For the IMF Programme
Pakistan’s textile exporters warn that the government’s response must match the urgency of the situation. Without targeted support comparable to the Rs1.2 trillion COVID-19 relief package, the structural decline of textile exporters in Pakistan will undermine foreign exchange earnings — and complicate Pakistan’s ability to meet its IMF programme targets.
Conclusion
Pakistan’s textile exporters have issued their clearest warning yet — the disadvantages are now systemic, structural, and urgent. The EU-India FTA has neutralised Pakistan’s greatest tariff edge. Energy costs remain 25 to 30 percent above regional competitors. Tax refund delays are strangling cash flow. Chinese textile exporters are flooding markets. CBAM is coming by 2027.

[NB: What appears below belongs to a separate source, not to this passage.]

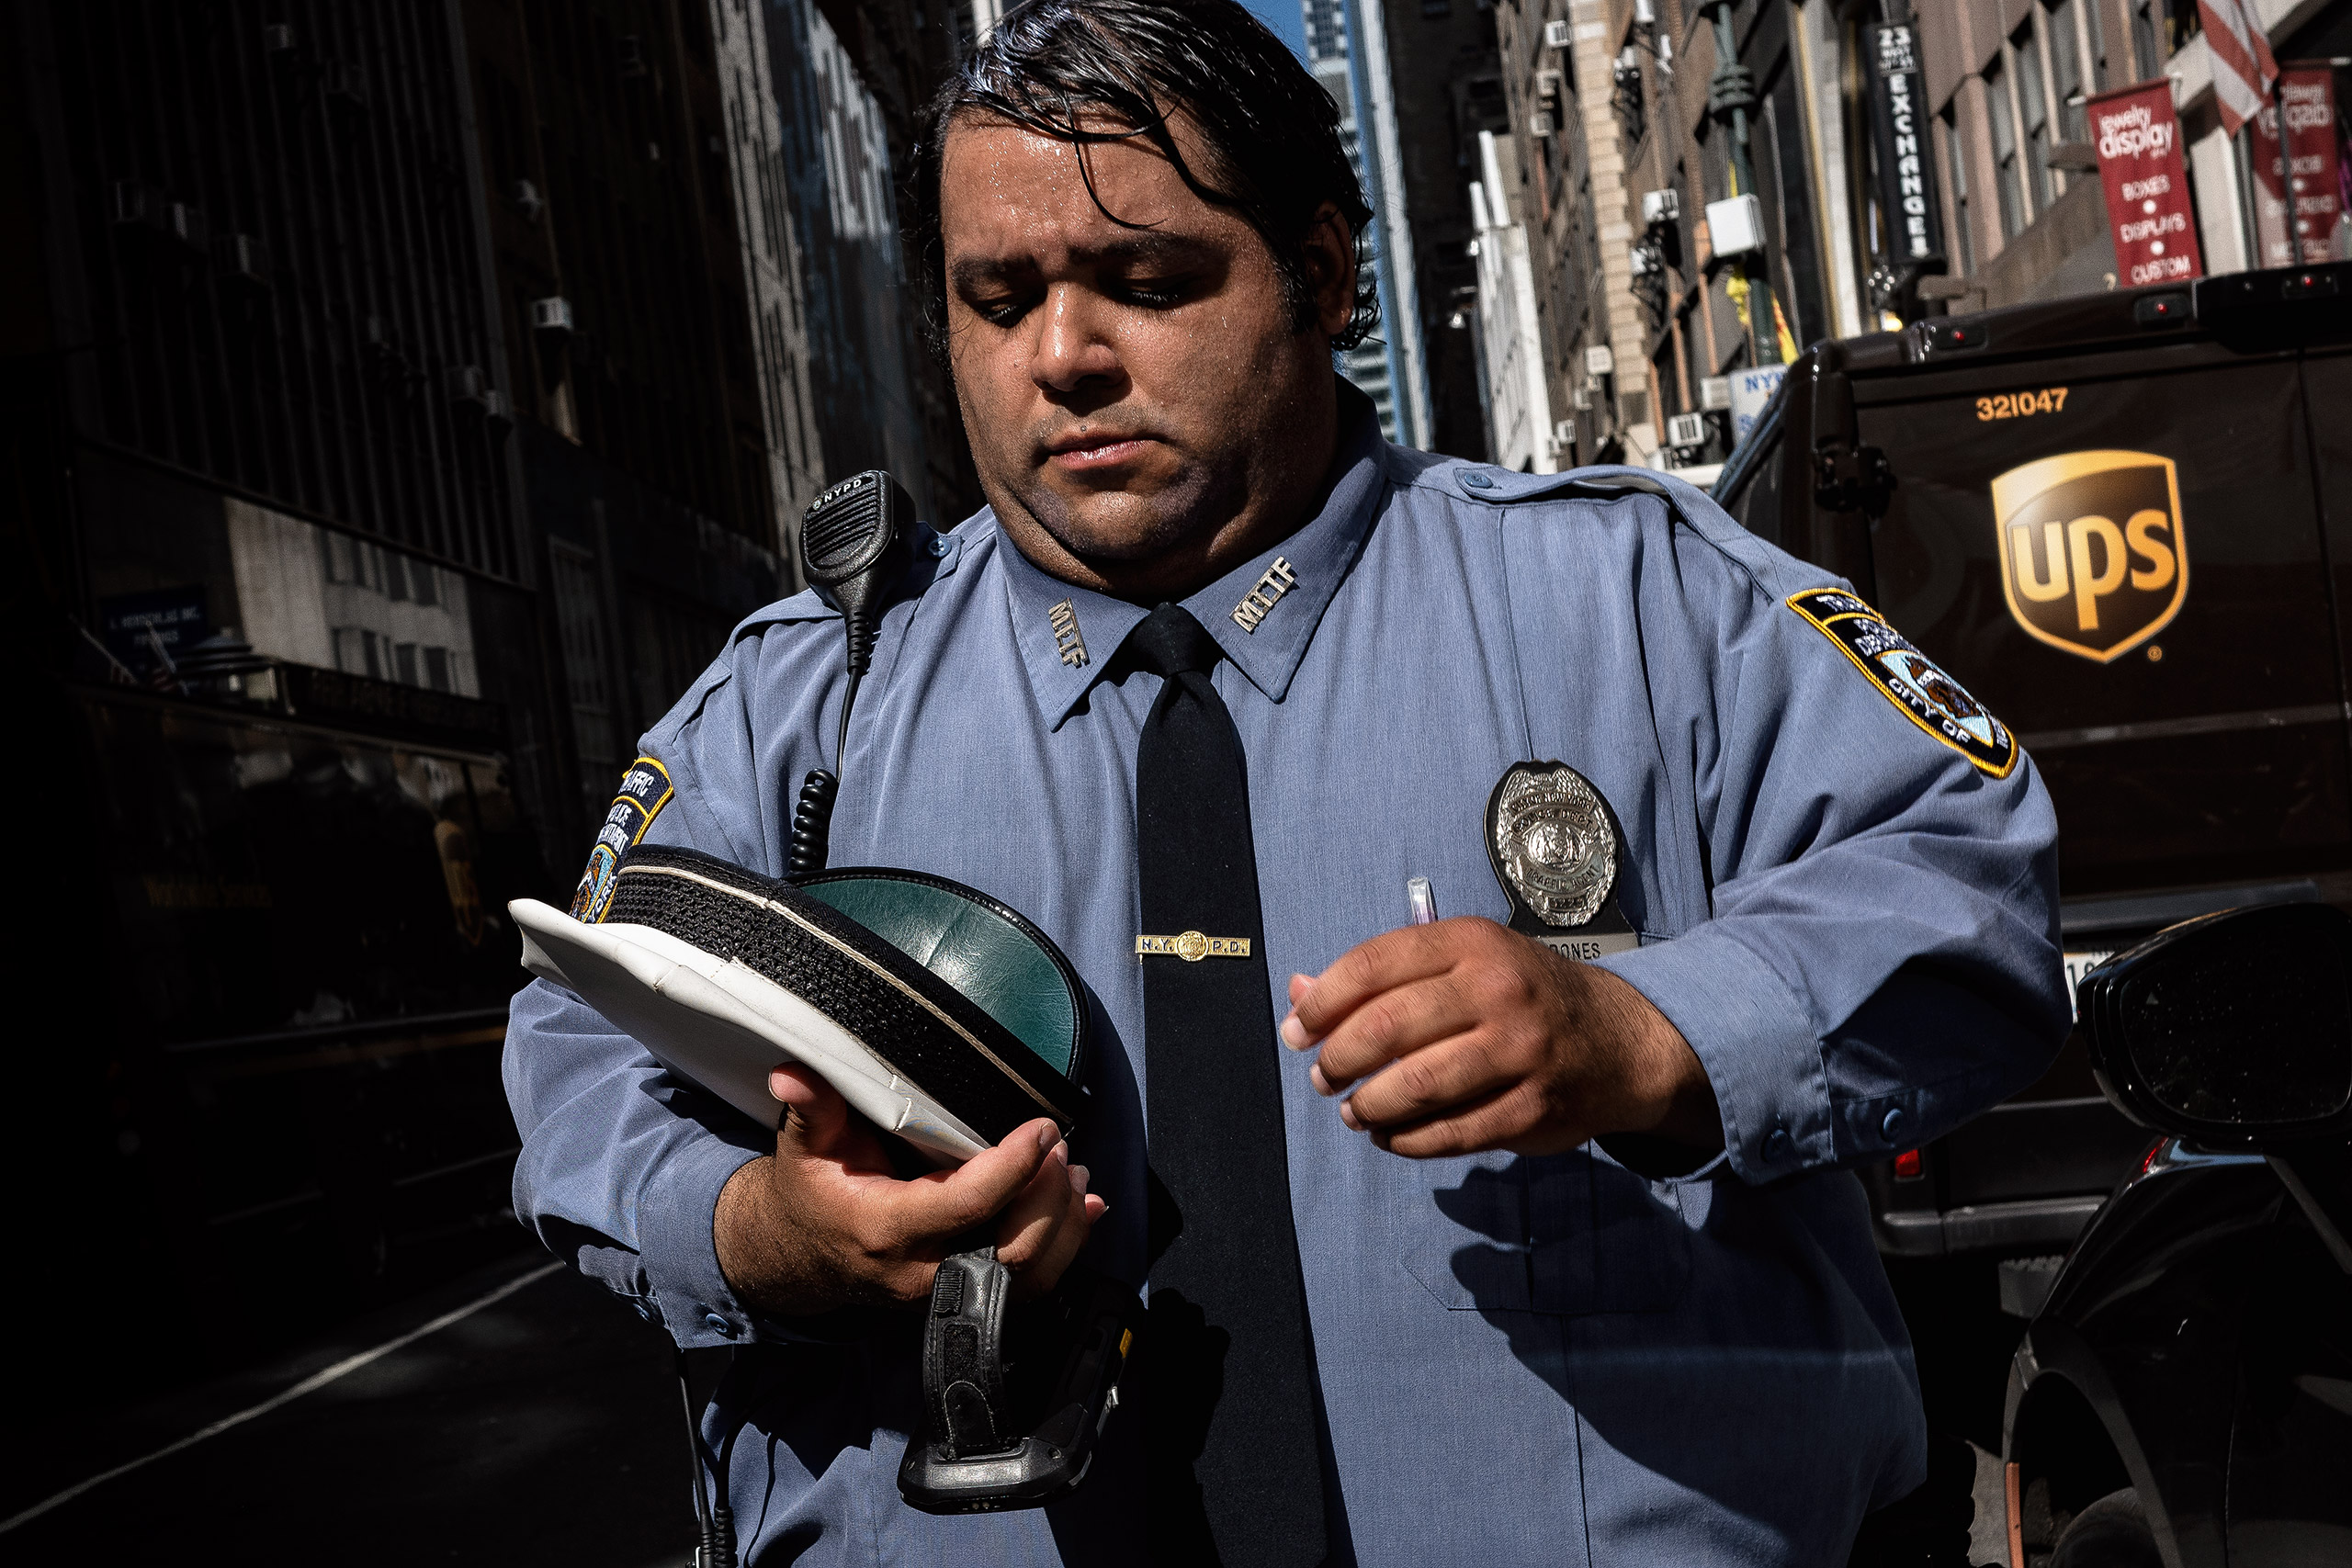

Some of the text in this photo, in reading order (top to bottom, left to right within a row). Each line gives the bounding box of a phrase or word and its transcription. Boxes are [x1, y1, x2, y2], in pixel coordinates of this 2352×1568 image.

The list of textile exporters in Pakistan represents the most important industrial sector in the country’s economy. Top textile exporters have the capacity to compete globally — if the government acts on energy costs, tax reform, and market diversification support now.
Textile exporters in Pakistan have warned. The government has listened. The question is whether that listening produces action before Pakistan’s most important export sector permanently loses ground to rivals who are getting the support Pakistan’s textile exporters are still waiting for.